Au delà des apnées, il est évident que le didgeridoo agit sur le stress et apporte de la détente. Là encore, le travail sur la respiration explique facilement cela. En effet, on ne cesse d’inspirer pour créer des rythmes (3 à 5 inspires dans une phrase rythmique simple)… Alors évidemment ça détend ! Ces inspires régulières ont aussi souvent l’avantage de nettoyer les voies aériennes supérieures, et quelques un de mes élèves disent ne plus souffrir de sinusites chroniques quand ils jouent régulièrement leur didgeridoo. J’ai aussi eu des retours sur la diminution de l’asthme. Tout ces témoignages ne prouvent rien d’officiel mais il parait est évident qu’un travail sur le souffle apporte son lot d’avantages ! 

Comment les élèves viennent à s’intéresser au didgeridoo ? À suivre vos stages ? 

Bien sûr, internet est là pour diffuser l’infirmation. Ensuite, la plupart des personnes souffrantes d’apnées du sommeil venant me voir ont une idée commune : arrêter la machine ou bien ne pas la prendre. Plus grande est cette motivation, meilleure est la pratique. En effet, ceux qui sont déterminés à se libérer de la machine trouvent une ressources que n’auront pas les simples curieux. Nous avons tous expérimenté dans nos vies la force de la détermination. Et bien quand les apnées croisent le didgeridoo, ça donne des personnes de 60 ans qui n’ont jamais fait de la musique et qui se mettent à souffler dans un tube ! 

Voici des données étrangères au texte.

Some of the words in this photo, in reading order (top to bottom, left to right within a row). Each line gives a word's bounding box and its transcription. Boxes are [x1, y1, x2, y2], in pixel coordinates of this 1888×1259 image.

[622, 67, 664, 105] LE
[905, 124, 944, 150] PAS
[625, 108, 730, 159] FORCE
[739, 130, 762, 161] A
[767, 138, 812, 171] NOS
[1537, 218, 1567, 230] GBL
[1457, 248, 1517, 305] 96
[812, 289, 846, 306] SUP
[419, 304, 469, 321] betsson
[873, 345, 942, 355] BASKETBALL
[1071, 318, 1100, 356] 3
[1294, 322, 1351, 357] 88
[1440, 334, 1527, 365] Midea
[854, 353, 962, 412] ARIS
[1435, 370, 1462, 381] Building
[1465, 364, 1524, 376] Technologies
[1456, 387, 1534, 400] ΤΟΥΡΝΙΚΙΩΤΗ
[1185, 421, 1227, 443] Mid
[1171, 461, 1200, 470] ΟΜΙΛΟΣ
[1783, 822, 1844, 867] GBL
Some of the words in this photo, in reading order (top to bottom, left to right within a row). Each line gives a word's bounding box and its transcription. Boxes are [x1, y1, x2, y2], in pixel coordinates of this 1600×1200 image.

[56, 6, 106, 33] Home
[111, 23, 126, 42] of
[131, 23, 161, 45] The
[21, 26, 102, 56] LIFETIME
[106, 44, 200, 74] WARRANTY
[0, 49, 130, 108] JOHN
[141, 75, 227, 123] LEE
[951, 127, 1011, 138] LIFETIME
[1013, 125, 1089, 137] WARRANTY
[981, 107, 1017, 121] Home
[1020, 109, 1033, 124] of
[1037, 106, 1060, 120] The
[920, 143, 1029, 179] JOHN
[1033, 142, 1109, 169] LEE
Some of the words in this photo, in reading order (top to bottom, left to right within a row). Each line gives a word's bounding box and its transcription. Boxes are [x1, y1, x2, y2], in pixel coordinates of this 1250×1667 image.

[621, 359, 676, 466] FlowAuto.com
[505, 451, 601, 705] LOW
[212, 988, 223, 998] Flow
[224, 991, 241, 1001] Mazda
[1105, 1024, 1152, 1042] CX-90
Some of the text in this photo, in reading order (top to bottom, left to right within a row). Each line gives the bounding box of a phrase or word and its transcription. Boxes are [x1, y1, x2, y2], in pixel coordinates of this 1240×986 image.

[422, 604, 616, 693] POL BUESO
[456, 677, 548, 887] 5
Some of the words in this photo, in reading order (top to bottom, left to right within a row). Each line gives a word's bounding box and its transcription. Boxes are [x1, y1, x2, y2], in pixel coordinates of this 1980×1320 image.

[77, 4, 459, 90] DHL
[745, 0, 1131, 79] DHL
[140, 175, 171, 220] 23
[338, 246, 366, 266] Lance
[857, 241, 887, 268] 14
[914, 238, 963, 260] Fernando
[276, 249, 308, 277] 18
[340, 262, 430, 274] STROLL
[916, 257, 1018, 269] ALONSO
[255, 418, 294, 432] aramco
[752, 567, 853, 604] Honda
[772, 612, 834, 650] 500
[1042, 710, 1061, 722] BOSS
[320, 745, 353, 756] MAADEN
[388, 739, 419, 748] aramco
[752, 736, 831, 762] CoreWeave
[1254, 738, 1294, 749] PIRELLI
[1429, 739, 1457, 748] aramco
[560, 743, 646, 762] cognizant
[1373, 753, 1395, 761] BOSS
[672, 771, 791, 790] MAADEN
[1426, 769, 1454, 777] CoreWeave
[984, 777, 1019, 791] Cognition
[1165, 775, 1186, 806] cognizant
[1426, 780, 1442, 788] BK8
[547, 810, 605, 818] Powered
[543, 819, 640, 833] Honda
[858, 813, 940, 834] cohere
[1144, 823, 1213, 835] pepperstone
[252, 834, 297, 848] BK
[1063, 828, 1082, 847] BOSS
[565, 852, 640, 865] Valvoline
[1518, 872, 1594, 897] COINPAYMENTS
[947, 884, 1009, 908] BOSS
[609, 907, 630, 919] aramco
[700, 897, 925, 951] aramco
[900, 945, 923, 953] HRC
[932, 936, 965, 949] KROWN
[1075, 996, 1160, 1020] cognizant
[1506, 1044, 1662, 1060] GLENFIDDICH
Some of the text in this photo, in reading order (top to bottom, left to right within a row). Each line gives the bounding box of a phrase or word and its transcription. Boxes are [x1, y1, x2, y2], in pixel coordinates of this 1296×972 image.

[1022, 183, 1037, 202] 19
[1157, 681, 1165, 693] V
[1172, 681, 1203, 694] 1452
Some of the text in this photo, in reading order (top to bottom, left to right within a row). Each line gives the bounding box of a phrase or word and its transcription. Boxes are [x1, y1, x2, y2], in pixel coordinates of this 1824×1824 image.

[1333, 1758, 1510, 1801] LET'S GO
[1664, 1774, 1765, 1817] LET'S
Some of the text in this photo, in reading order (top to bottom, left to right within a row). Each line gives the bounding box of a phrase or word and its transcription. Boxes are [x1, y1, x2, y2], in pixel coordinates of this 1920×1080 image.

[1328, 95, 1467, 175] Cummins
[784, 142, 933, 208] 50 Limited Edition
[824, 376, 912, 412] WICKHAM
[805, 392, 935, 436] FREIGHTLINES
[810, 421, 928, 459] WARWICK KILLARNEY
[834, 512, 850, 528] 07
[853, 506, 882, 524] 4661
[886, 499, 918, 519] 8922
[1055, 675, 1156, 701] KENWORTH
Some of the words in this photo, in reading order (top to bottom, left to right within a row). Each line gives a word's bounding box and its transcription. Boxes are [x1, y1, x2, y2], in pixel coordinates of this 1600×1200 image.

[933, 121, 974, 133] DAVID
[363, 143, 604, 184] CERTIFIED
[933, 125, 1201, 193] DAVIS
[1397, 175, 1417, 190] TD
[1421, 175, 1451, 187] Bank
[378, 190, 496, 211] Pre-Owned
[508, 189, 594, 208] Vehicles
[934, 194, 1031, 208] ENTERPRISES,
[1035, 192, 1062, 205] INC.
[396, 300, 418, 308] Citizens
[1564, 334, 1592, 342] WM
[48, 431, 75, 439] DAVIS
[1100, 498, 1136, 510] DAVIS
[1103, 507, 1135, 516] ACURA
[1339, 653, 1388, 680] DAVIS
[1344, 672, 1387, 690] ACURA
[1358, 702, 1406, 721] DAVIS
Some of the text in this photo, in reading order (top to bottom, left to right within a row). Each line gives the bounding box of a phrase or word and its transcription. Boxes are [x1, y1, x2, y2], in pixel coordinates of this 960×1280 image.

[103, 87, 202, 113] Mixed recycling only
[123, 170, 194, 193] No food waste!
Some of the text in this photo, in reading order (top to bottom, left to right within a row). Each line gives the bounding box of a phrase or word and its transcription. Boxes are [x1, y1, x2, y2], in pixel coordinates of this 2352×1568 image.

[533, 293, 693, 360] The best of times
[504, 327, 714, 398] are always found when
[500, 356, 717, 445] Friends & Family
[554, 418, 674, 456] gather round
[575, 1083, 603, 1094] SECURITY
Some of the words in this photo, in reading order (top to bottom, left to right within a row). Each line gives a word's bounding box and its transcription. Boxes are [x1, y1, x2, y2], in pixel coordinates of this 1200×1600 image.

Un patient type à orienter vers cet instrument ? 

Il est très délicat pour moi de répondre à cette question car je suis enseignant de didgeridoo et non pas médecin. Cependant, comme ce que j’ai dis précédemment, la force de la pratique du didgeridoo est la tonification de la langue. A mon sens, l’enjeu n’est pas de savoir si la pratique du didgeridoo diminue les apnées du sommeil car je suis quasiment certains qu’elle les diminue… mais pas toutes ! 

Ainsi, il faudrait plutôt savoir sur quels types d’apnées du sommeil il agit. Encore une fois, je ne suis pas médecin mais si le patient a une langue en hypotonie alors le didgeridoo l’aidera. Affirmer l’inverse serait comme dire que faire du gainage ne muscle pas les abdominaux… 

Au niveau de l’âge, plus le patient est âgé plus la pratique sera souvent délicate. En effet, nous apprenons peu à écouter notre corps. Or, le didgeridoo ça n’est que cela : apprendre à observer et écouter ce dernier. Tout le jeu du didgeridoo se trouve caché dans notre bouche, notre thorax, notre ventre et c’est par l’observation qu’il se révèle à nous. De mon expérience, cela semble être plus simple de commencer le plus tôt possible. 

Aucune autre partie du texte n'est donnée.